Aim of the exercise >>
Reproduce every line of the material below exactly. No pictures belong in the copy.

Data to process >>
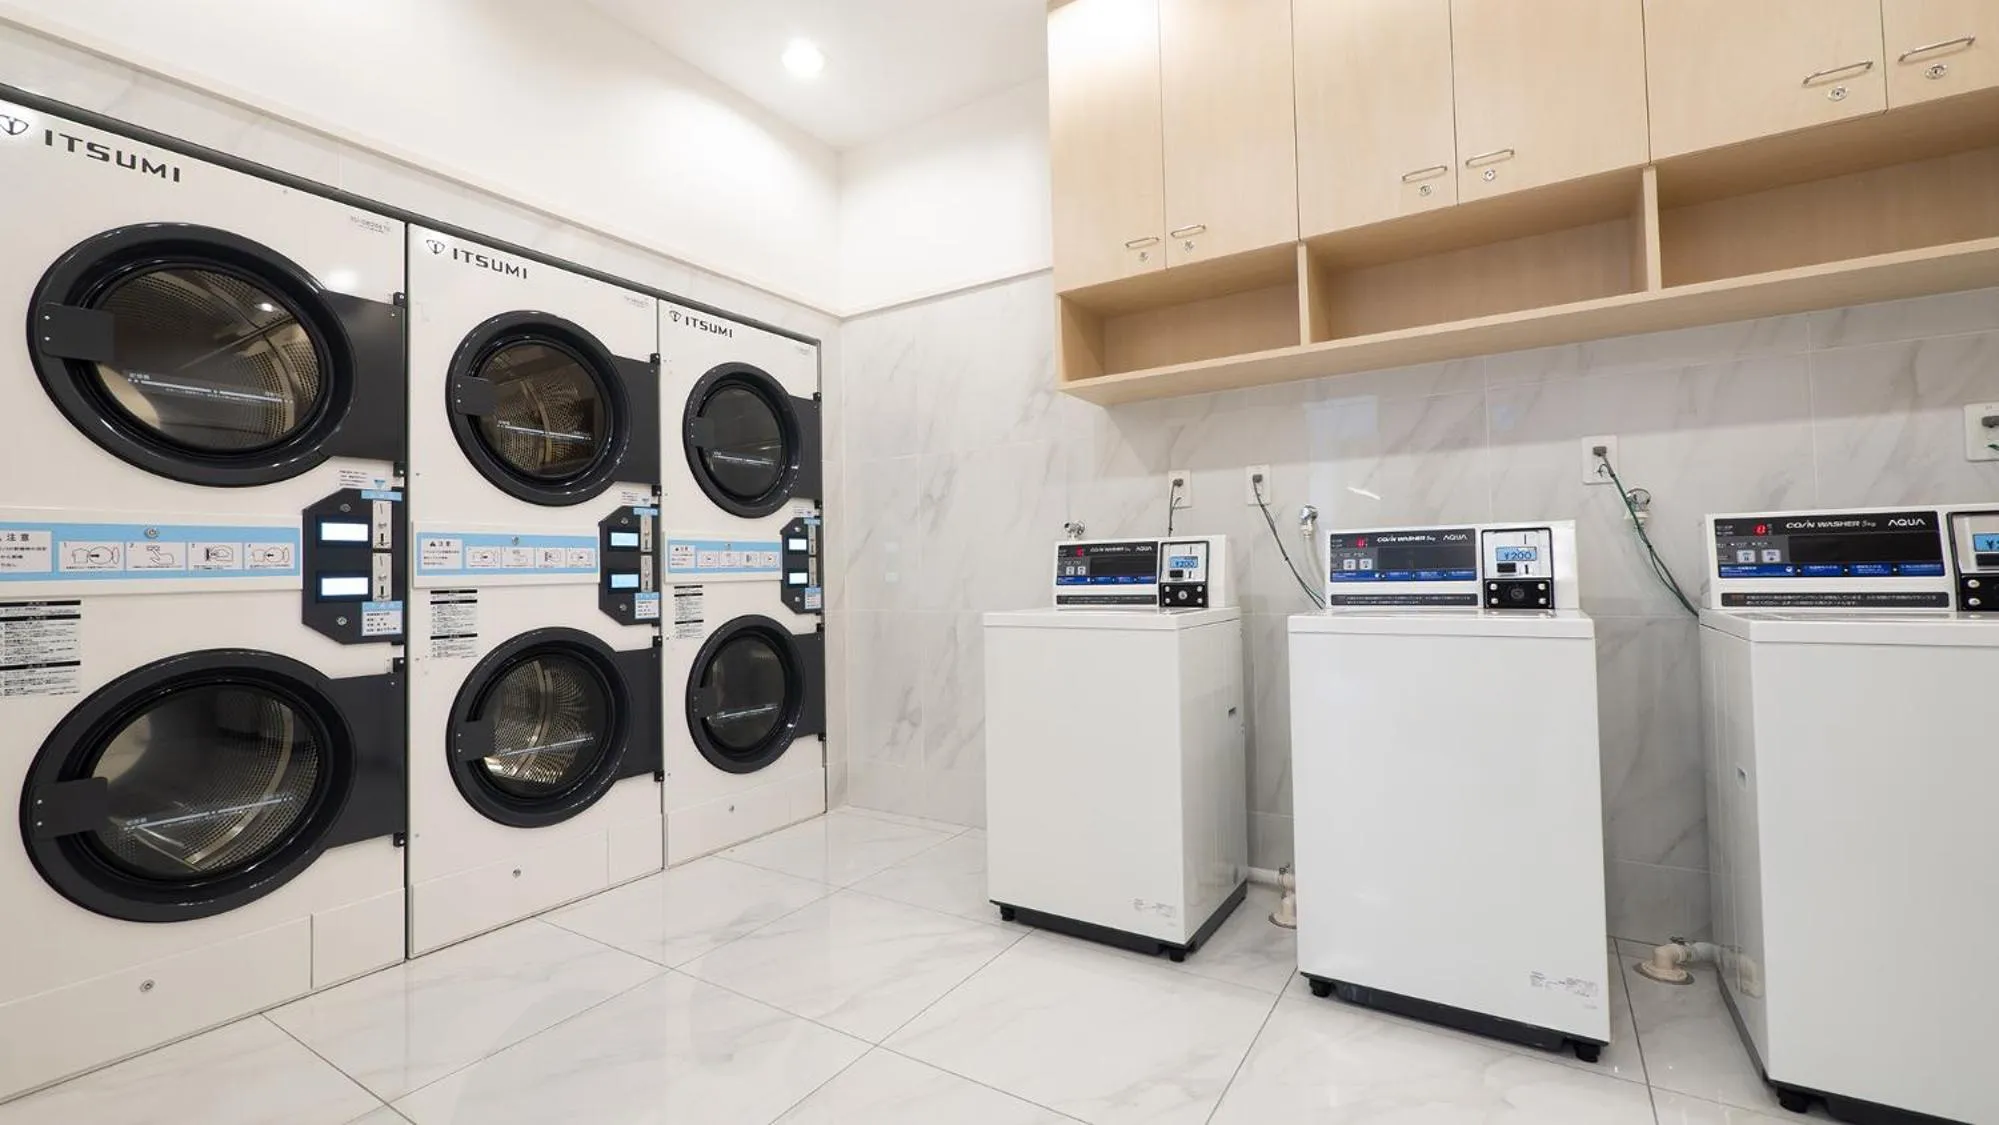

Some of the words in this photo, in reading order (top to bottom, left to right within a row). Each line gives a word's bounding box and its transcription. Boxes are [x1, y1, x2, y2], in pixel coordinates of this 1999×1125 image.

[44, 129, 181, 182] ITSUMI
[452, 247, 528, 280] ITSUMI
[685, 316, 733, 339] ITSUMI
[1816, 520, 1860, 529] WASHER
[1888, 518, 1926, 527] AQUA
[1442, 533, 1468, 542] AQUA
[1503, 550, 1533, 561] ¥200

Solution to the exercise >>
Some of the words in this photo, in reading order (top to bottom, left to right within a row). Each line gives a word's bounding box and its transcription. Boxes are [x1, y1, x2, y2], in pixel coordinates of this 1999×1125 image.

[44, 129, 181, 182] ITSUMI
[452, 247, 528, 280] ITSUMI
[685, 316, 733, 339] ITSUMI
[1816, 520, 1860, 529] WASHER
[1888, 518, 1926, 527] AQUA
[1442, 533, 1468, 542] AQUA
[1503, 550, 1533, 561] ¥200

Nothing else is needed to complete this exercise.